The term optimisation is not only mathematically important but also closely linked to any business. Everyone aims to optimise the way things are executed, processed, or delivered. For a given problem, there is always going to be the best way among the many possible solutions or approaches, and this is usually referred to as an optimised solution. Here are a few examples of business optimisation: 

• The one-way airfare between New Delhi and Bangalore is INR 5000. There are nine flights scheduled every week with a seating capacity of 120 to 340, depending on the plane type. The average occupancy per route is 150 passenger seats. Research shows that if there is a 3% reduction in ticket cost, then the occupancy is likely to increase by 12 passengers, on average. The constraints are plane type, occupancy rate, scheduling, time, and discount offers. The value of fare that can maximise the revenue and profit with the given constraints is a classic example of an optimisation problem.

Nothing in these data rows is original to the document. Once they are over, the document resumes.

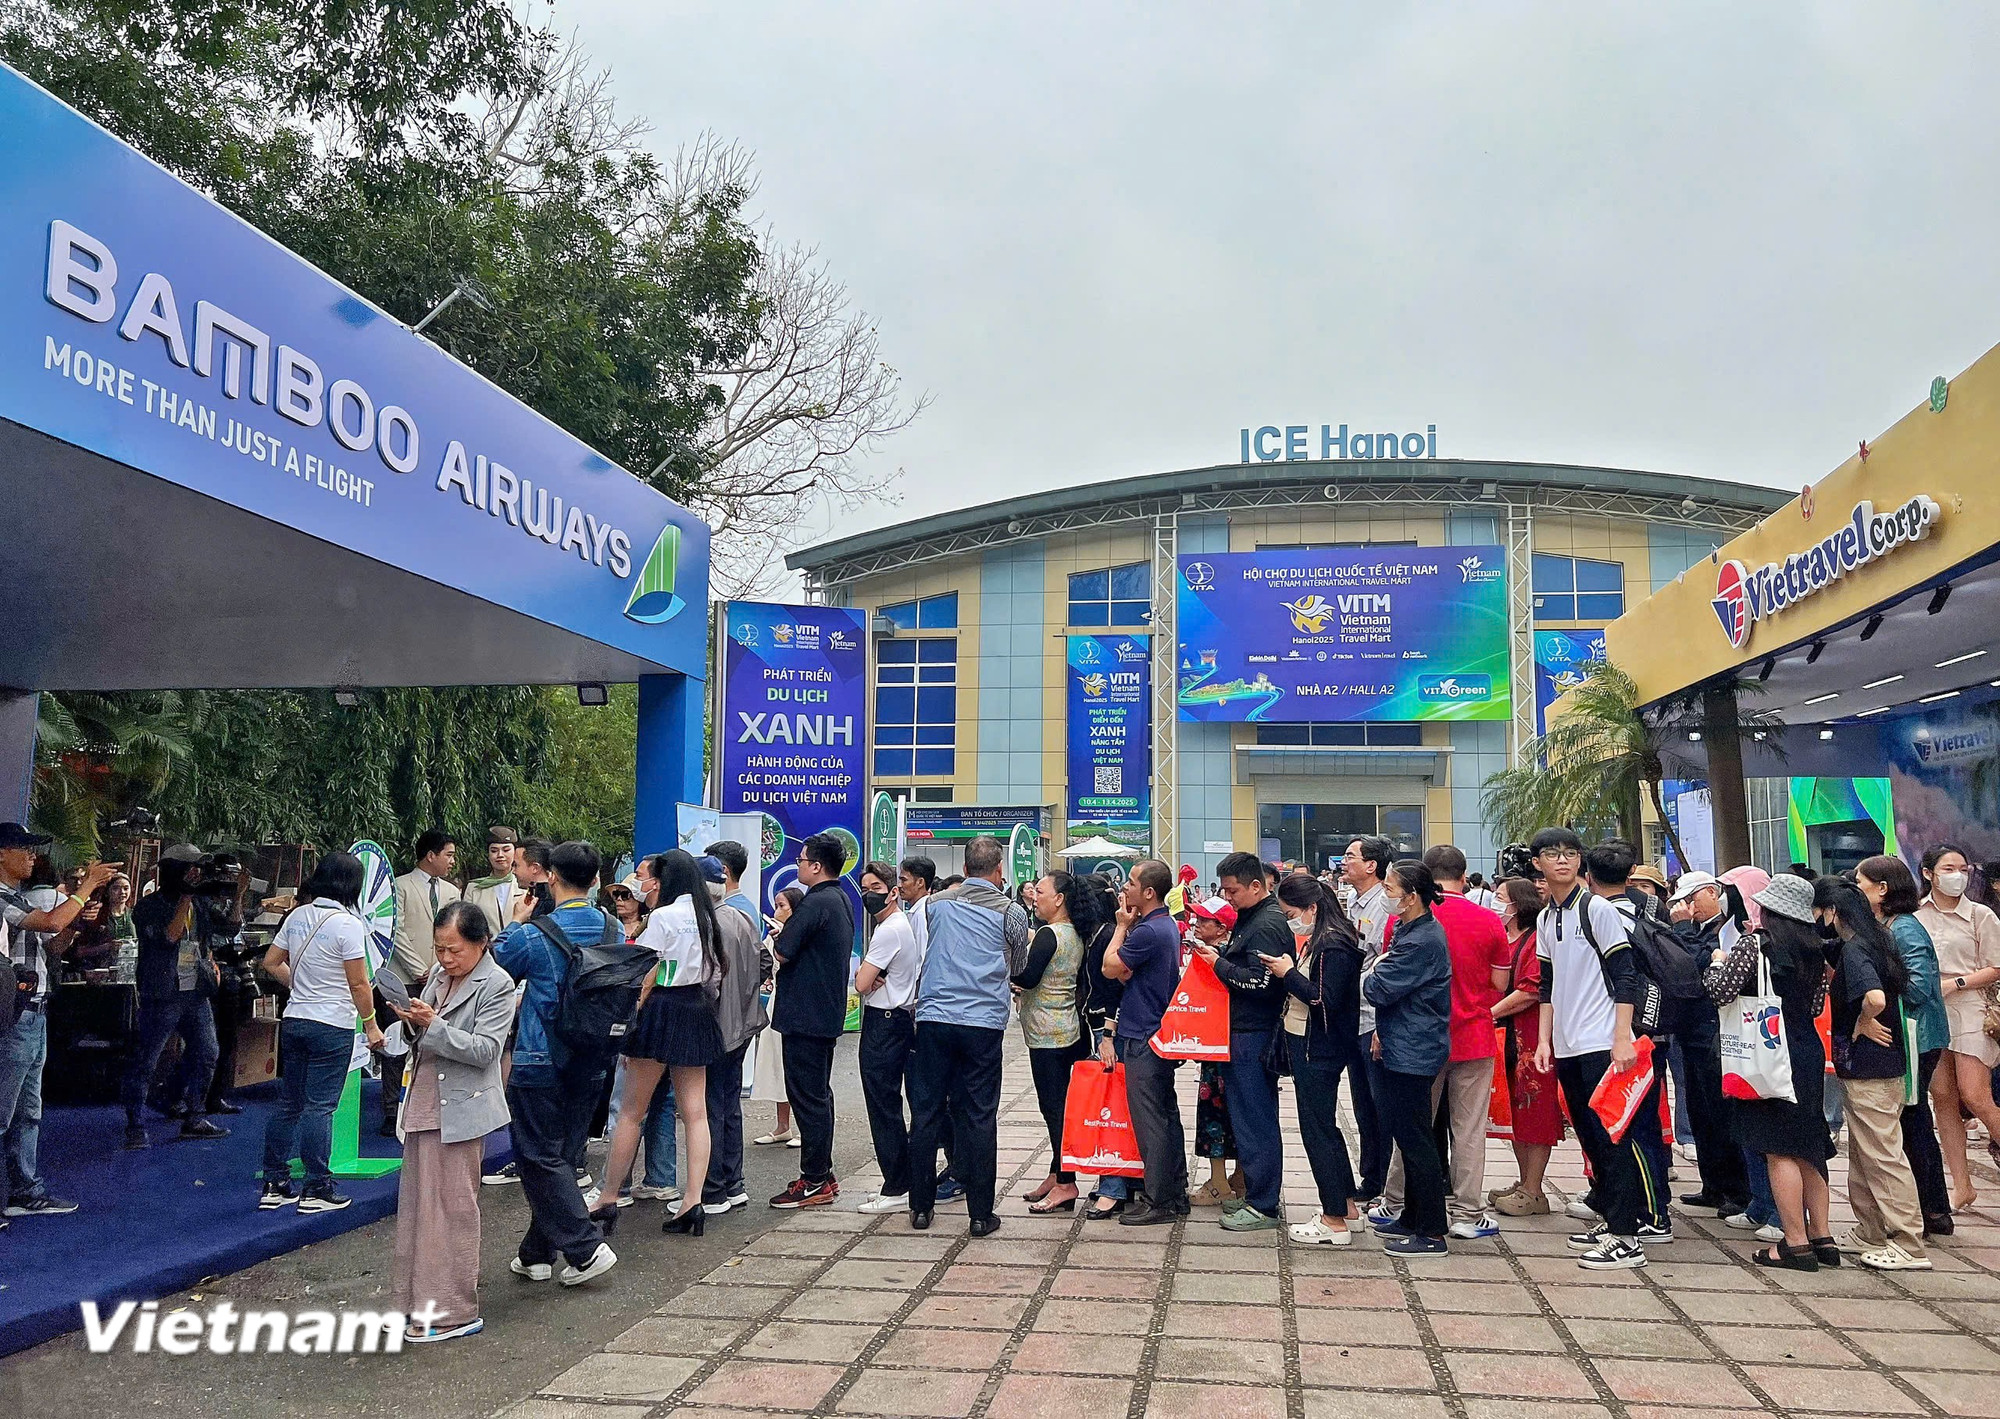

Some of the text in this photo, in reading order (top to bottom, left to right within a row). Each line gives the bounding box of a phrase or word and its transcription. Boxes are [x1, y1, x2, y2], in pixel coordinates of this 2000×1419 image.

[46, 219, 632, 579] BAMBOO AIRWAYS
[44, 335, 376, 508] MORE THAN JUST A FLIGHT
[1241, 424, 1437, 462] ICE Hanoi
[1744, 497, 1930, 621] Vietravel corp.
[1243, 562, 1438, 582] HỘI CHỢ DU LỊCH QUỐC TẾ VIỆT NAM
[1456, 564, 1501, 583] Vietnam
[1268, 577, 1412, 588] VIETNAM INTERNATIONAL TRAVEL MART
[1337, 593, 1391, 613] VITM
[1340, 614, 1391, 625] Vietnam
[795, 624, 820, 636] VITM
[1340, 625, 1391, 634] International
[795, 634, 820, 642] Vietnam
[1339, 634, 1391, 643] Travel Mart
[763, 666, 832, 682] PHÁT TRIỂN
[1109, 672, 1140, 685] VITM
[1110, 684, 1140, 692] Vietnam
[1296, 683, 1321, 696] NHÀ
[1323, 685, 1339, 696] A2
[1350, 685, 1376, 695] HALL
[1379, 685, 1395, 695] A2
[767, 687, 828, 705] DU LỊCH
[737, 711, 853, 746] XANH
[1089, 726, 1127, 737] XANH
[1106, 748, 1120, 757] LỊCH
[747, 753, 844, 771] HÀNH ĐỘNG CỦA
[1092, 757, 1108, 765] VIỆT
[738, 771, 852, 788] CÁC DOANH NGHIỆP
[742, 789, 847, 806] DU LỊCH VIỆT NAM
[960, 810, 972, 818] BAN
[1166, 1005, 1207, 1013] stPrice Travel
[1642, 983, 1659, 1027] FASHION
[1083, 1118, 1128, 1129] BestPrice Travel
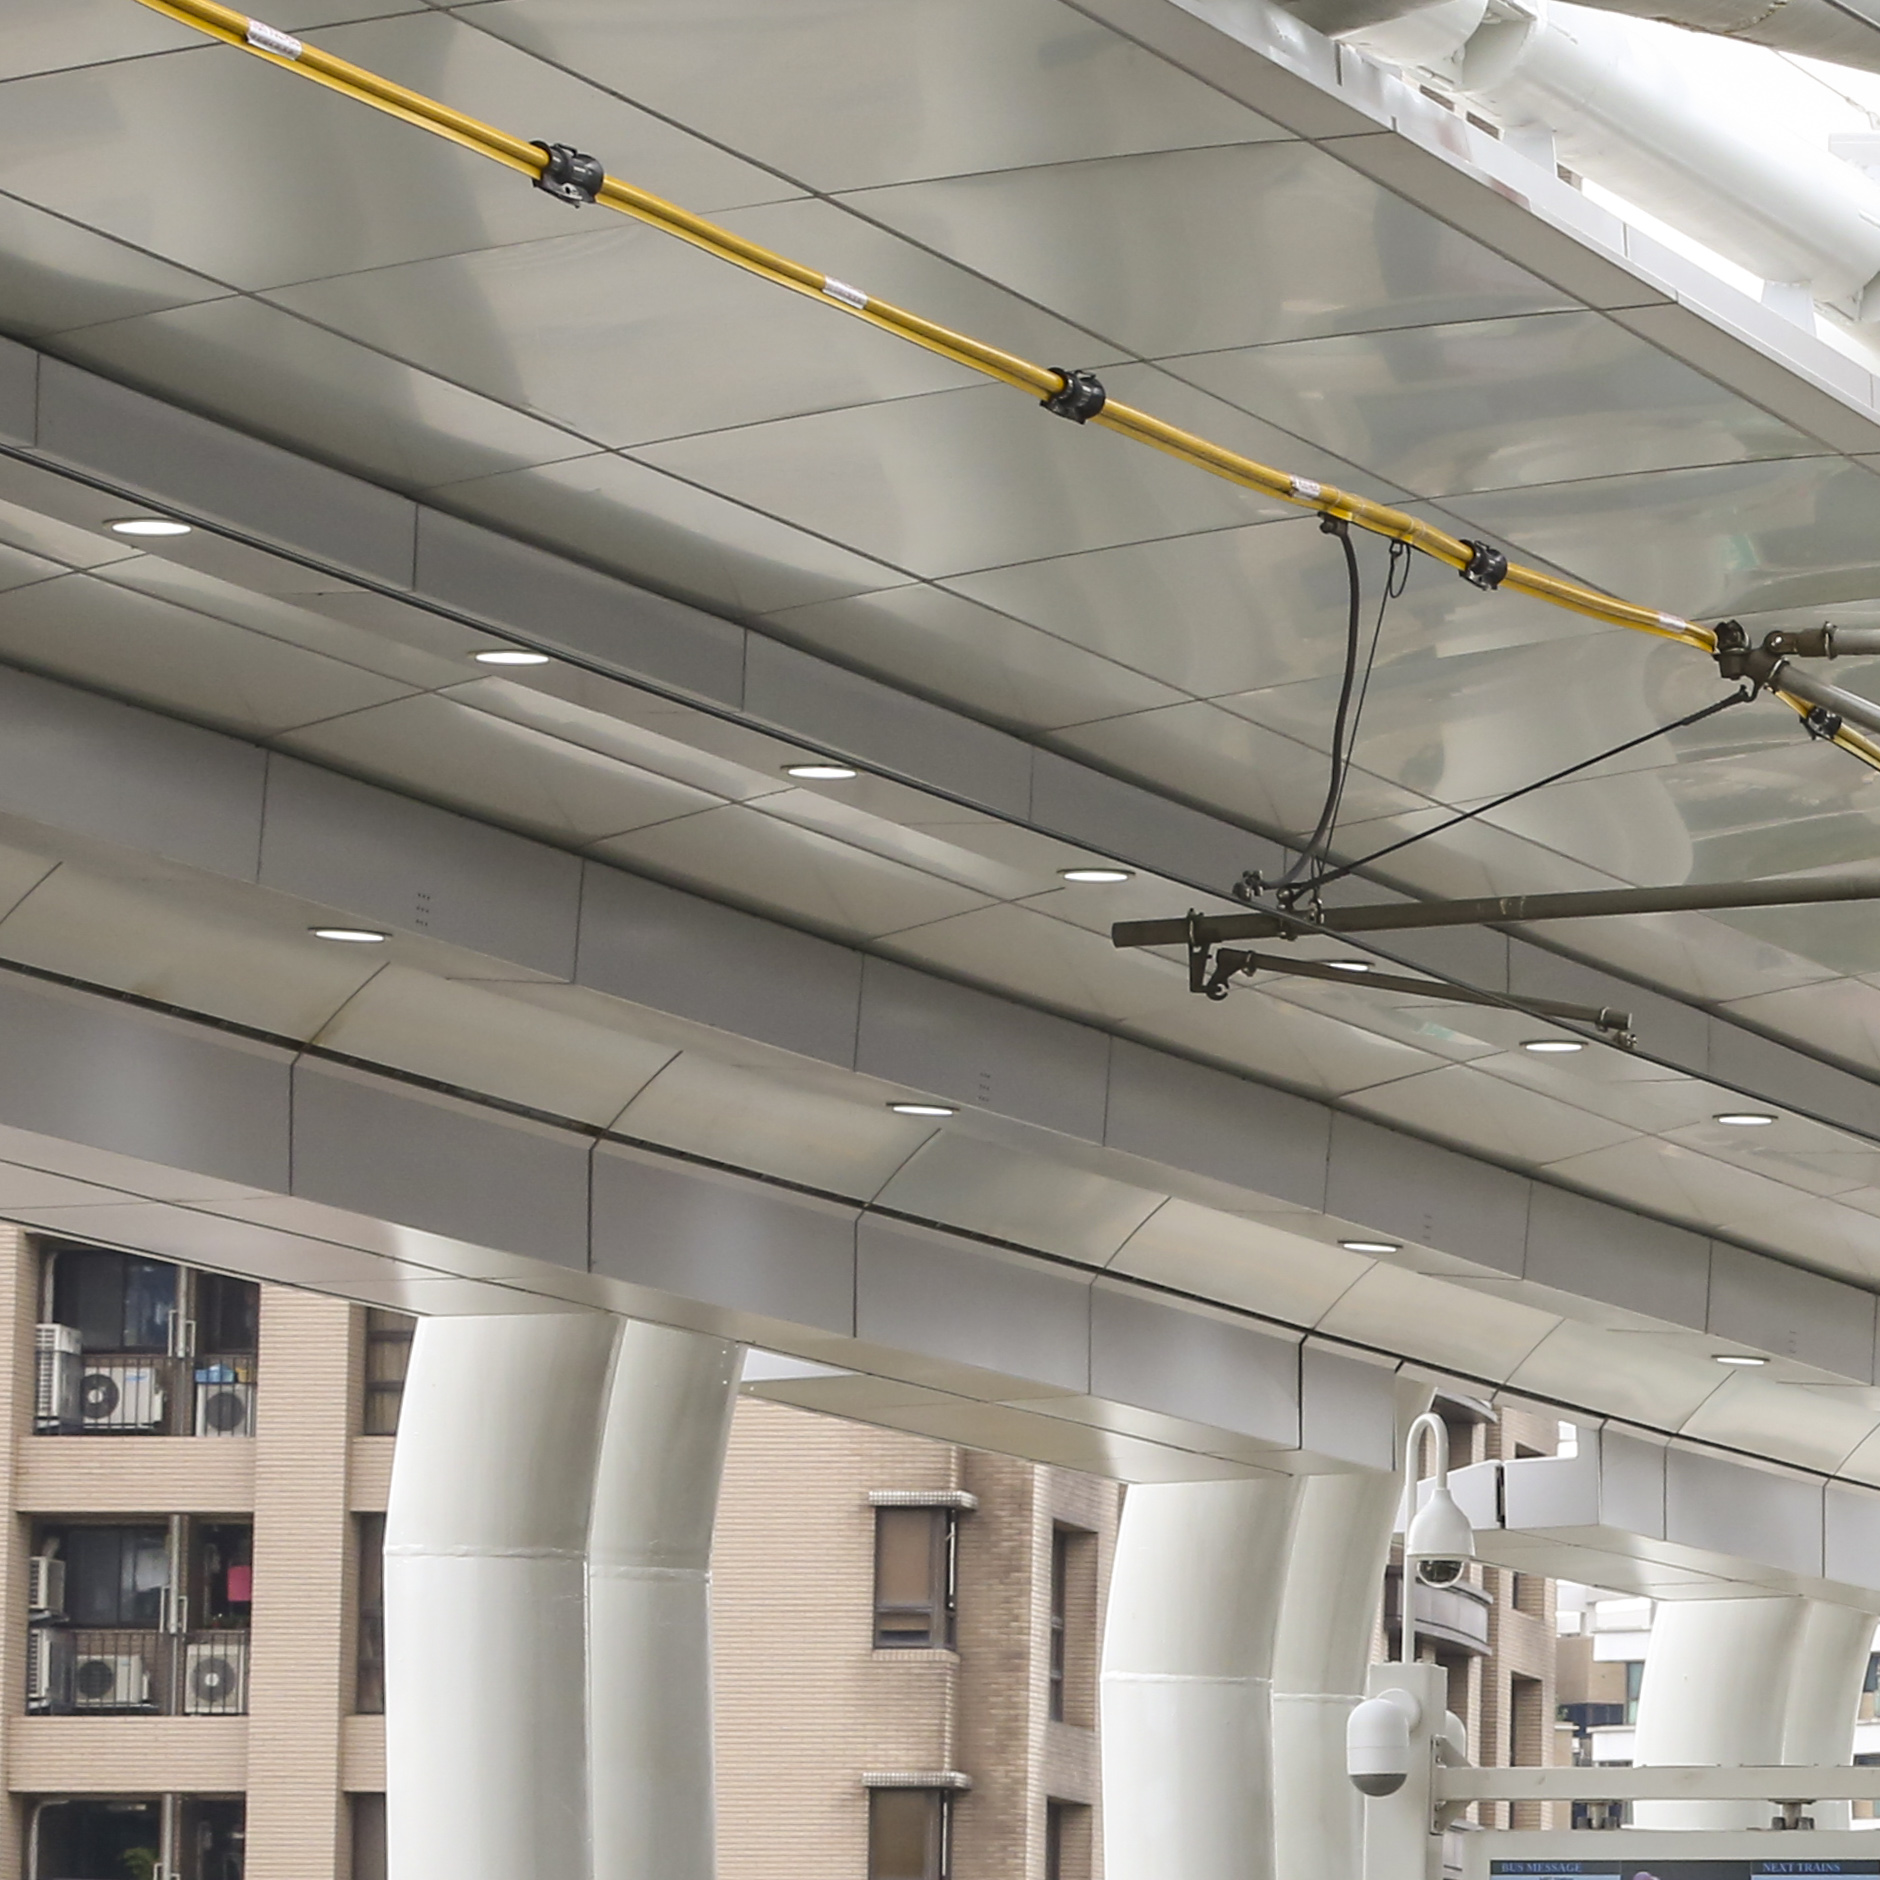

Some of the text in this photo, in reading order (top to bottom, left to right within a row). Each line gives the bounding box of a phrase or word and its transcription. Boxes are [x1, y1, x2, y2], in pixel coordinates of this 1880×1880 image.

[1501, 1862, 1583, 1872] BUS MESSAGE
[1763, 1862, 1841, 1872] NEXT TRAINS

• A tech support business servicing a large global client has daily incoming calls in the range of 20000 to 35000, in a 24 x 7 mode. The support staff is equipped to handle seven languages, and work can be executed in four different centres. The cost of operations varies in each region, and the tech-support specialist/engineers’ availability also has certain limitations. The setup of this project’s operations is another such case of business optimisation with the given constraints.

To solve any optimisation problem, there are three main fundamental elements that one needs to understand. 

1. The single numerical quantity or objective function: It forms the goal of the problem. This objective function must be either maximised or minimised. The best fare for travel is an example of minimisation. 

2. The variables and attributes associated with the problem statement: Their values can be varied, and their impact is likely to be observed on the objective. In the tech-support business, some of the variables are incoming calls by time-day-language, availability of right skills in each centre, cost of operations per seat, attrition rate and calls by technology-module pattern. 

3. The constraints: There is no business without constraints. Most of the constraints can be mapped to a combination of time, cost, quality, and tools & technology. Understanding the restrictions and limitations of a constraint can help in solving optimisation problems. 

In the context of optimisation, a heuristic is defined as a method driven by rule-of-thumb without any specific procedure. A metaheuristics method is designed by leveraging more than one heuristic methods and thus inheriting all heuristic methods’ characteristics. Natures inspirations, such as ants searching for food, wolves hunting their prey, the formation of water droplets, diffusion of two chemicals, cell formation, the attraction between electrostatic objects, gravity, have resulted in the ‘Metaheuristics Algorithm’. 

Metaheuristic algorithms’ adoption rate is surging in engineering, finance, retail, healthcare, insurance, and biomedical science. The optimisation is a critical factor in solving business and engineering problems. These algorithms can be summarised as a form of stochastic optimisation (an optimisation method that generates and uses random variables) independent of the surface gradient for optimisation. Most of these algorithms are inspired by different sources of nature and evolved from a purely mathematical model to a highly intelligent method of solving problems. Metaheuristics, along with machine language, is gaining wide acceptance in solving complex problems. 

One advantage of metaheuristics is that it provides a platform-like structure for scientists to solve various optimisation problems, but the challenge is to select the right one. Most metaheuristic algorithms are derivation-free; they are more suitable for solving complex unknown derivative information in the search space. 

The optimisation search starts with a random solution that gets better with each iteration. Some best practices implemented across engineering and research problems are network optimisation, tower optimisation, and home-router placement in telecommunications; and project scheduling, logs monitoring, staff optimisation, tech support shift and regression test suite design in IT. Some other practices include feature optimisation, attribute, and parameter optimisations for analysing signals and images in healthcare; and road route optimisation and geocoding process optimisation in travel.

No single algorithm can solve all optimisation problems because of the uniqueness and the context of each problem. To solve optimisation problems, understanding the parameters, dependencies, attributes, and what-if-conditions are important in addition to a mechanism for applying this understanding. Metaheuristics algorithms are a simple and easy way to solve scientific or business problems.